Everything in the records below except the images should be output exactly as written.
─── Source records ───
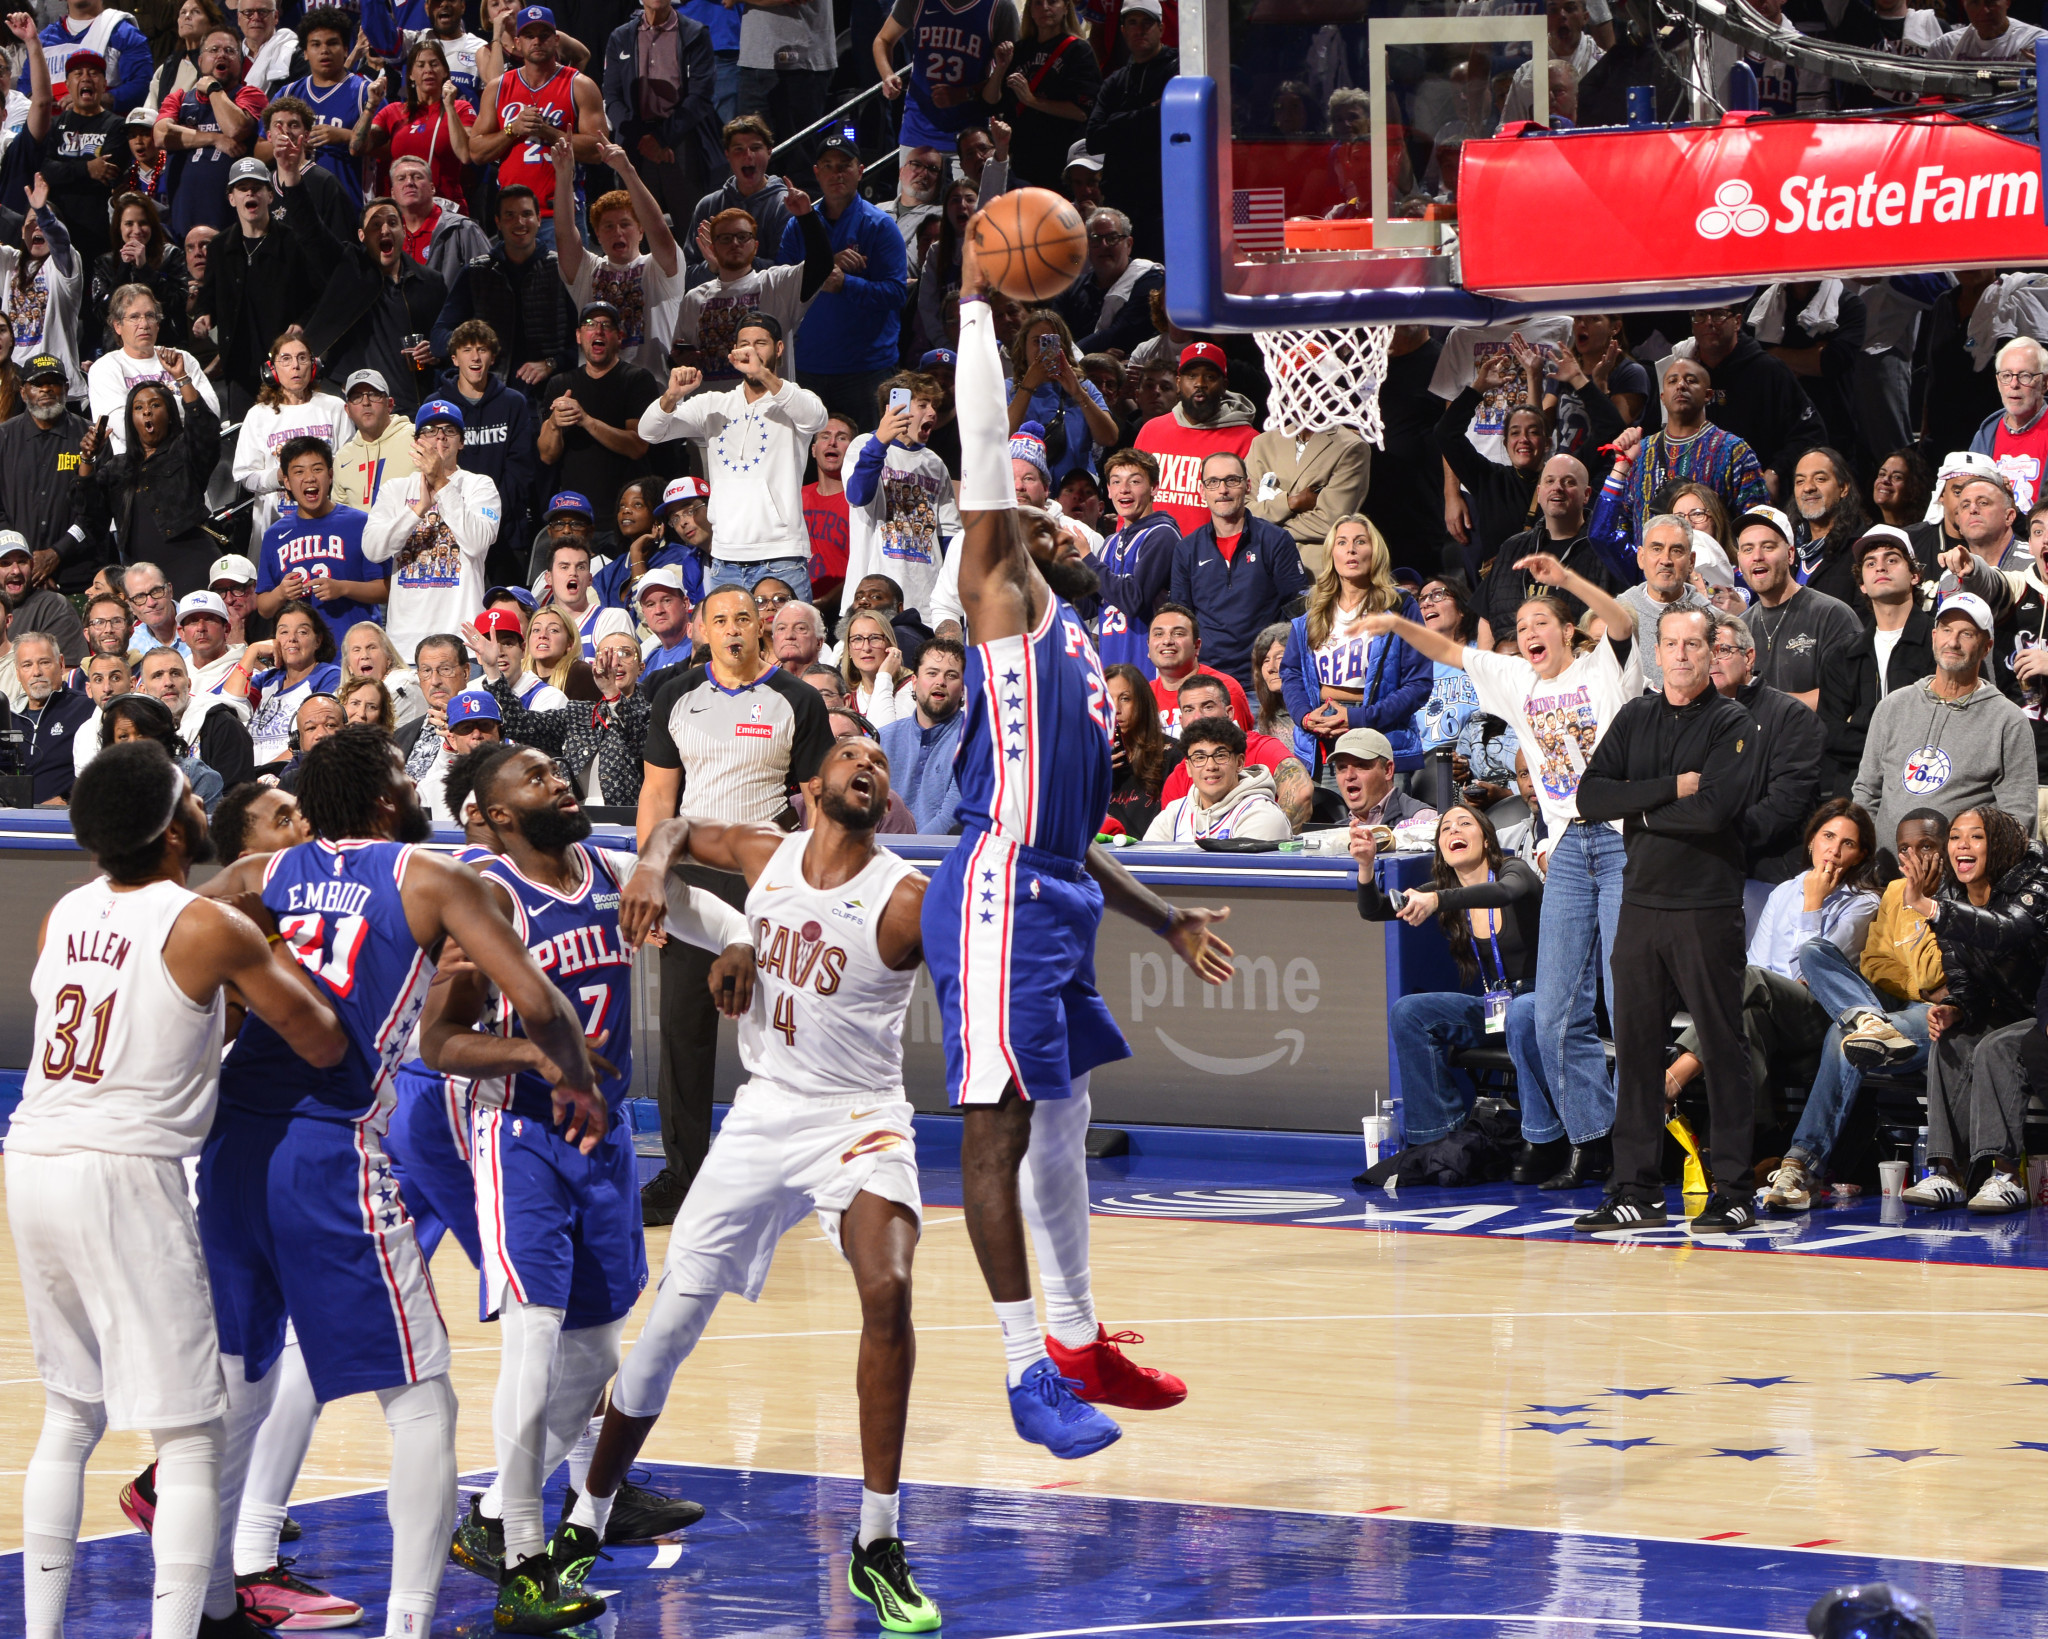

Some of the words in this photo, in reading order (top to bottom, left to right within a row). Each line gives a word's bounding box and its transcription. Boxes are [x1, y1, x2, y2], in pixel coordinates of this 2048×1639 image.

[919, 26, 982, 59] PHILA
[926, 54, 965, 83] 23
[502, 102, 566, 133] Pla
[936, 352, 950, 363] 76
[1195, 342, 1208, 355] P
[464, 425, 508, 446] RMITS
[277, 534, 345, 573] PHILA
[488, 612, 501, 627] P
[1101, 605, 1127, 635] 23
[463, 699, 481, 714] 76
[737, 725, 772, 736] Emirates
[1906, 762, 1944, 785] 76ers
[1110, 790, 1140, 808] ladelphia
[288, 882, 372, 916] EMBIID
[592, 892, 621, 904] Bloom
[595, 900, 620, 911] energ
[831, 908, 864, 926] CLIFFS
[67, 930, 132, 971] ALLEN
[279, 912, 369, 999] 21
[756, 917, 847, 996] CAVS
[1129, 951, 1321, 1022] prime
[579, 983, 610, 1038] 7
[773, 990, 796, 1047] 4
[42, 983, 118, 1085] 31
───
*Written response*:
Some of the words in this photo, in reading order (top to bottom, left to right within a row). Each line gives a word's bounding box and its transcription. Boxes are [x1, y1, x2, y2], in pixel coordinates of this 2048×1639 image.

[919, 26, 982, 59] PHILA
[926, 54, 965, 83] 23
[502, 102, 566, 133] Pla
[936, 352, 950, 363] 76
[1195, 342, 1208, 355] P
[464, 425, 508, 446] RMITS
[277, 534, 345, 573] PHILA
[488, 612, 501, 627] P
[1101, 605, 1127, 635] 23
[463, 699, 481, 714] 76
[737, 725, 772, 736] Emirates
[1906, 762, 1944, 785] 76ers
[1110, 790, 1140, 808] ladelphia
[288, 882, 372, 916] EMBIID
[592, 892, 621, 904] Bloom
[595, 900, 620, 911] energ
[831, 908, 864, 926] CLIFFS
[67, 930, 132, 971] ALLEN
[279, 912, 369, 999] 21
[756, 917, 847, 996] CAVS
[1129, 951, 1321, 1022] prime
[579, 983, 610, 1038] 7
[773, 990, 796, 1047] 4
[42, 983, 118, 1085] 31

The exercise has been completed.